Protéines mutantes bloquent l'infection à vih


Protéines mutantes bloquent l'infection à vih

Des scientifiques de l'Université de Cambridge au Royaume-Uni ont découvert qu'une forme mutante d'une protéine immunitaire est capable de bloquer l'infection et la propagation du virus de l'immunodéficience humaine (VIH) dans les cellules immunitaires. Leurs résultats pourraient conduire à de nouvelles façons de lutter contre le VIH en offrant une nouvelle cible aux développeurs de médicaments.

Un rapport sur l'étude apparaît dans le dernier numéro en ligne du journal Rétrovirologie .

L'auteur principal, le professeur Chris Rudd, du département de pathologie de l'Université, dit:

"Un aspect passionnant de cette nouvelle cible pour l'intervention du VIH est que nous devrions pouvoir lutter contre le VIH sans compromettre la capacité du système immunitaire à lutter contre les infections".

L'Organisation mondiale de la santé (OMS) estime qu'il y a aujourd'hui plus de 35 millions de personnes vivant avec le VIH. Au cours des 30 dernières années, le virus a tué plus de 25 millions de personnes.

Et bien qu'il y ait eu des progrès spectaculaires dans la lutte contre le virus, les nouvelles infections ayant diminué d'un tiers en 2012 par rapport à 2001, le VIH reste un problème majeur de santé publique mondiale.

Le VIH attaque les lymphocytes T, un type de globule blanc qui joue un rôle majeur dans le système immunitaire.

Le virus entre dans les cellules T en se liant à l'un de leurs récepteurs de surface, CD4. Une fois à l'intérieur, le VIH détourne les ressources cellulaires et les utilise pour se reproduire rapidement et libérer les copies pour infecter d'autres cellules T.

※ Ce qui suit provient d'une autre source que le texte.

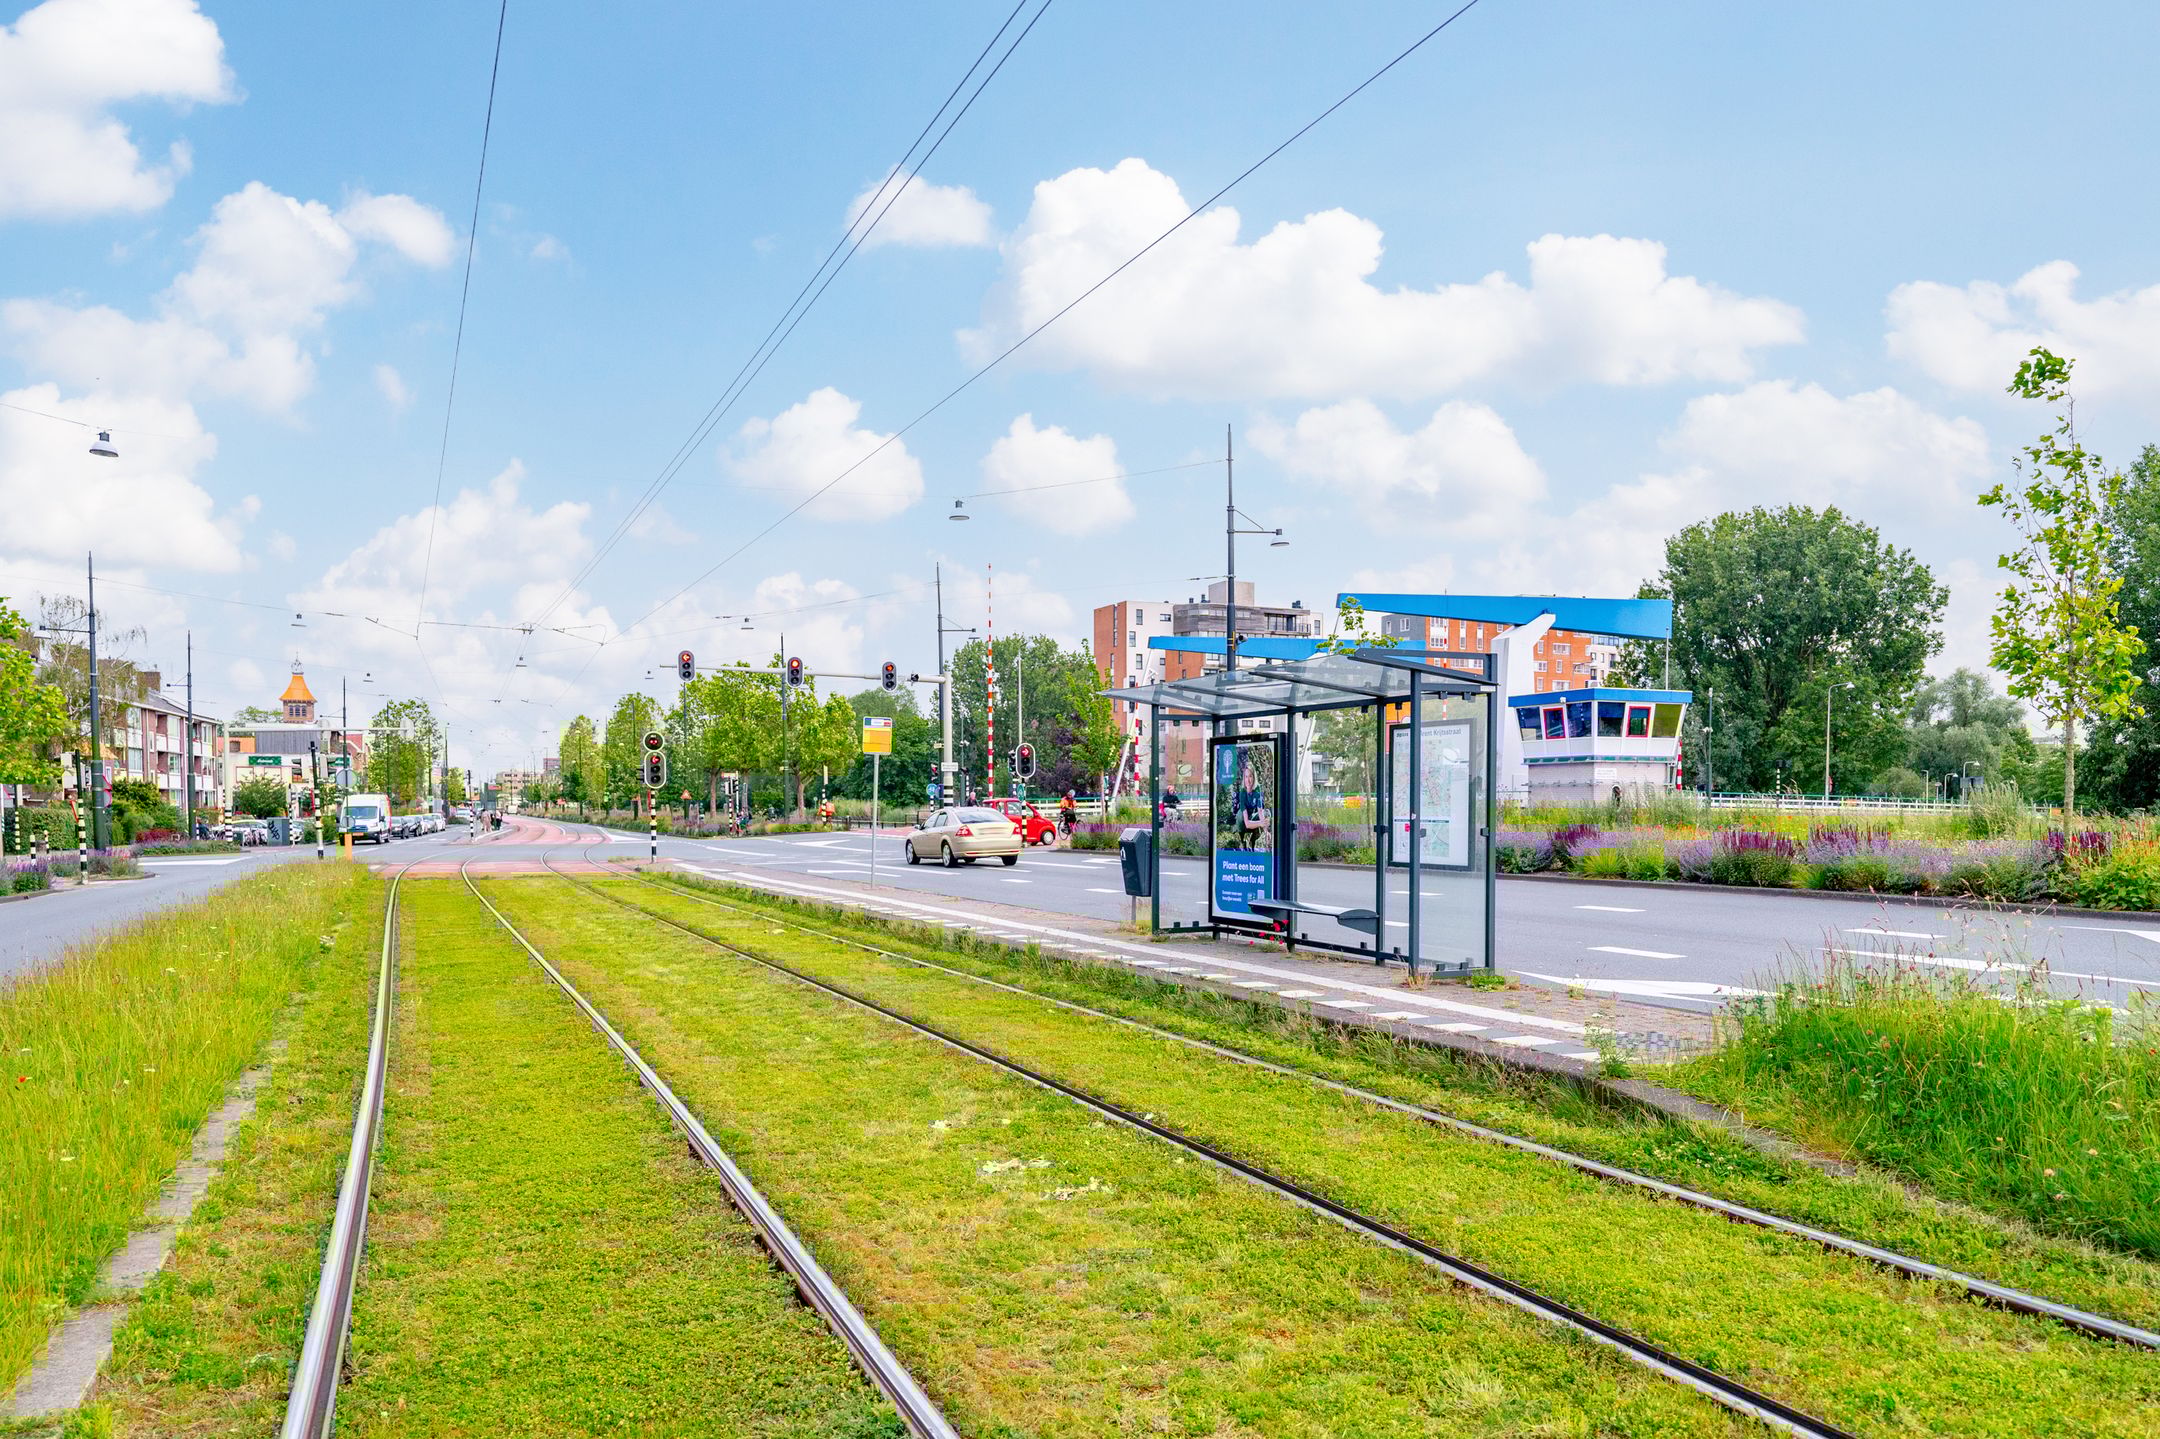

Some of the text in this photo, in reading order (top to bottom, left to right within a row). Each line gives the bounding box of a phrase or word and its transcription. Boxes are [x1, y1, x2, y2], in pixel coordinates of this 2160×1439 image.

La propagation survient lorsqu'une cellule T infectée est attachée à une cellule non infectée.

Deux mécanismes distincts

Dans cette étude, les chercheurs ont étudié une protéine cellulaire immunitaire appelée adhérence et protéine adaptateur favorisant la dégranulation (ADAP) car on sait déjà que l'ADAP est impliqué dans la régulation de l'adhésion et de la prolifération des lymphocytes T.

Mais ils notent que malgré cette connaissance, on a peu découvert les liens entre ADAP et l'infection par le VIH.

Leur étude est la première à montrer que l'ADAP régule l'infection par le VIH-1 par deux mécanismes distincts: la réplication du virus dans les cellules T et la propagation du virus en raison du contact entre les lymphocytes T infectés et non infectés.

Et ils ont également découvert qu'une forme mutante particulière d'ADAP est capable d'interférer avec l'infection par le VIH-1 en bloquant ces deux mécanismes.

Le professeur Rudd dit:

Le mutant ADAP est puissant dans son interférence de la transmission du VIH-1 car il vise simultanément deux événements critiques, la replication virale et la propagation du virus d'une cellule T à une autre ".

Il suggère qu'une possibilité de traitement pourrait être de donner aux cellules infectées par le VIH des cellules T exprimant la protéine mutante.

Dans une autre étude remarquable publiée récemment, une équipe internationale a révélé comment elles ont éradiqué le VIH dans les cellules avec un médicament antifongique.